- Created by: Peter Jones
- Presented by: Matt Gallant (season 1) Nick Smith (season 2)
- Starring: Peter Jones Ed Evangelista (season 1) Mary Lou Quinlan (season 1) Doug Hall (season 1) George Foreman (season 2) Pat Croce (season 2) Sara Blakely (season 2)
- Country of origin: United States
- Original language: English
- No. of seasons: 2
- No. of episodes: 19

Production
- Producers: Peter Jones Simon Cowell Liz Bronstein Siobhan Greene Nigel Hall Cecile Frot-Coutaz
- Running time: 60 minutes
- Production companies: Syco TV Peter Jones TV FremantleMedia North America

Original release
- Network: ABC
- Release: March 16, 2006 – August 1, 2007

= American Inventor =

American Inventor is a reality television series based on a competition to be named America's best inventor. It was conceived by Simon Cowell and the producers of American Idol, and premiered on ABC in March, 2006. It was organized as a competition between inventors nationally, resulting in one overall winner.

==Premise==

===Season 1===
Twelve inventors and their products are chosen from a pool of hundreds by four judges. The 12 semi-finalists are broken down into four groups of three, with each episode focusing on a different group of three. Each of the twelve semi-finalists in each group receives $50,000 to improve their inventions and competes to become one of the four finalists. The finalists would then work with a dedicated prototype and design company who would help with expert advice and manufacturing assistance. Each group is assigned a judge who would judge their products that they have invented. Each of the four judges would then choose one inventor from their group to compete in the finals, for a total of four finalists. In the show's live finale, the four finalists present a 30-second commercial advertisement for their product, with the home audience voting by phone for the winner. The winner receives $1,000,000 worth of business support, entrepreneurial counsel, physical resources, and prize money.

===Season 2===
Instead of 12 finalists receiving $50,000 checks to develop their inventions like in season one, six finalists, one from each of the audition cities of Los Angeles, San Francisco, Chicago, New York, Tampa and Houston, will each receive $50,000 and have one month to develop their inventions. The 6 finalists are narrowed down to three based on the judges' preference. Unlike the first season, the three finalists for voting were declared and were voted on by viewers immediately after the second-to-last show.

==Finalists==

===Season 1 finalists===

- Anecia Safety Capsule: A child safety car seat "based on the human womb", named for the deceased daughter of the inventor, shaped like a sphere with a movable sphere inside it, similar to a bassinette.
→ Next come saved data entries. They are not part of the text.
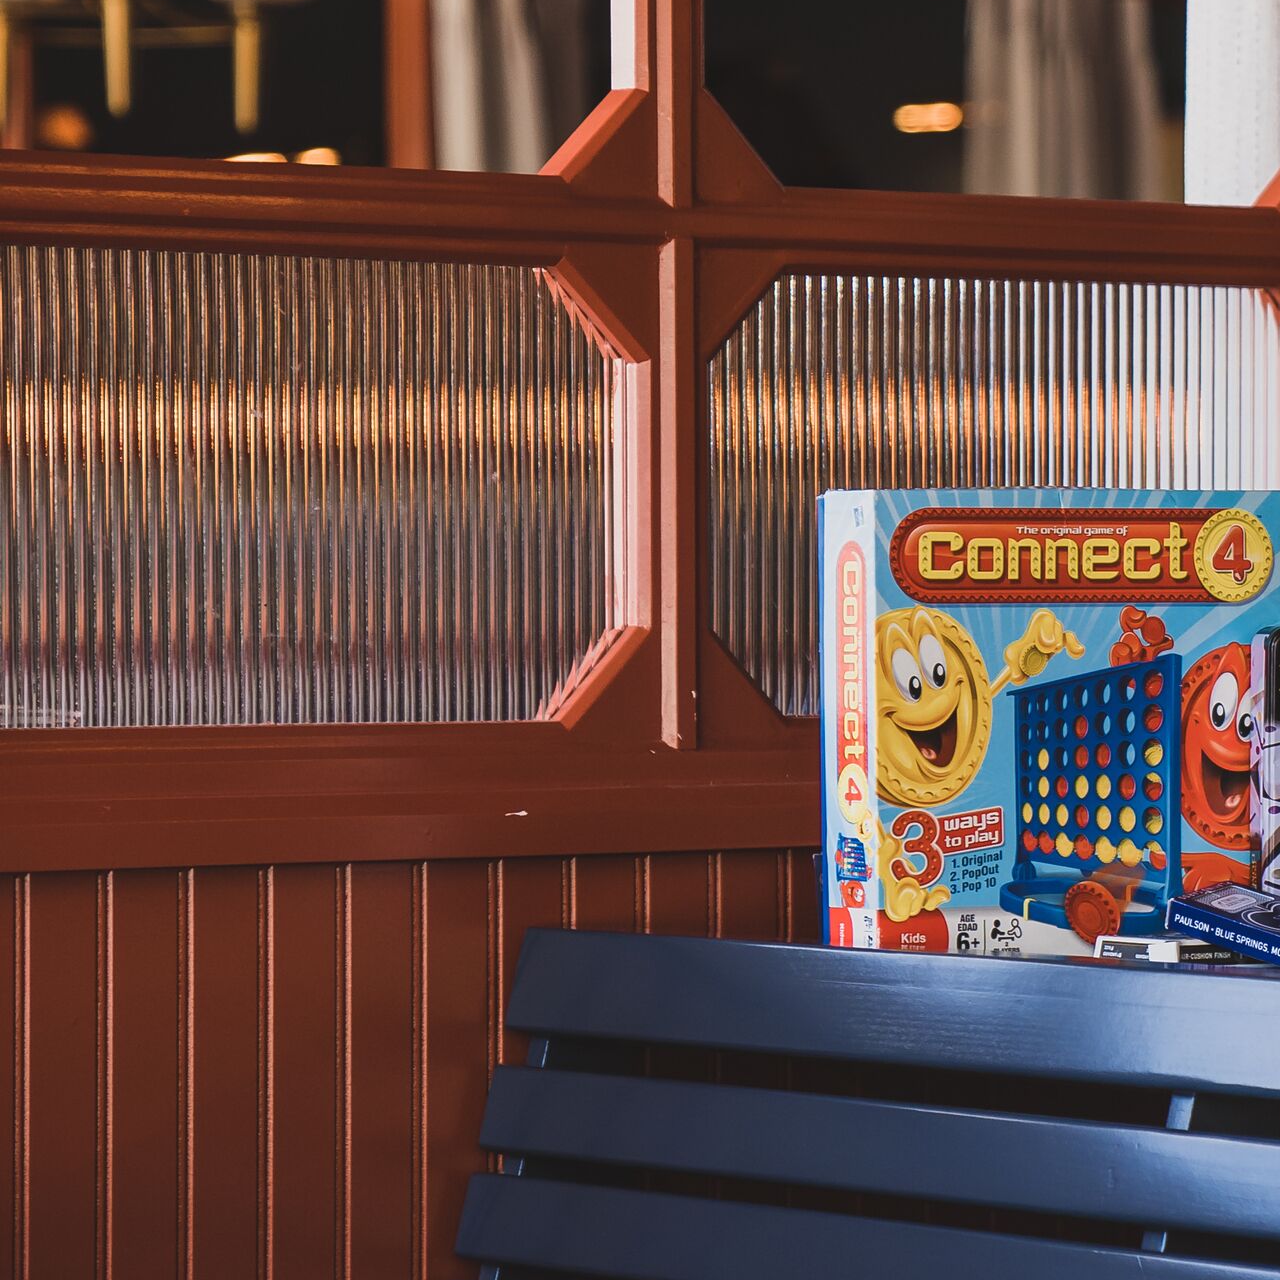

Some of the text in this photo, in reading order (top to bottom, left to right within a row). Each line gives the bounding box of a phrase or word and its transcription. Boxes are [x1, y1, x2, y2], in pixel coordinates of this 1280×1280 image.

[1016, 526, 1128, 537] The original game of
[918, 522, 1253, 584] Connect 4
[843, 559, 864, 806] Connect 4
[944, 810, 999, 832] ways
[944, 830, 999, 848] to play
[890, 809, 944, 888] 3
[952, 850, 1003, 869] 1. Original
[950, 866, 999, 882] 2. PopOut
[950, 877, 997, 894] 3. Pop 10
[958, 923, 978, 932] EDAD
[960, 914, 975, 923] AGE
[1174, 913, 1209, 933] PAULSON
[1215, 927, 1235, 942] BLUE
[901, 933, 926, 944] Kids
[956, 932, 981, 952] 6+
In the event of a car accident, the sphere will move, lessening the force on the baby. (Winner)
- Word Ace: A game that tells you a letter and a number and you have to come up with a word that starts with the letter and has a number of letters equal to the number. (Final 4)
- Double Traction Bike: A bike with a seat on the handlebars. (Final 4)
- The Catch Vest (aka Receiver Trainer Pole): A bar that sits in front of your body to help you catch footballs properly. (Final 4)
- Inside Umbrella: An umbrella where the top part goes inside the bar. (Final 12)
- Head-Line It: A rubber pad to go on top of your head to prevent sweating and itching under hats, helmets and wigs. (Final 12)
- Sackmaster: A large shovel with a bag inside it to make sand-bag filling easier. (Final 12)
- Here Comes Niya Doll: A multilingual set of dolls. (Final 12) The "Niya Doll" appear again in The Toy Box.
- Bathroom Clip: A clip to attach to a bathroom door in case the lock is broken. (Final 12)
- Tonerbelt: An exercise belt (Final 12)
- EZ-X Portable Gym: A portable gym (Final 12)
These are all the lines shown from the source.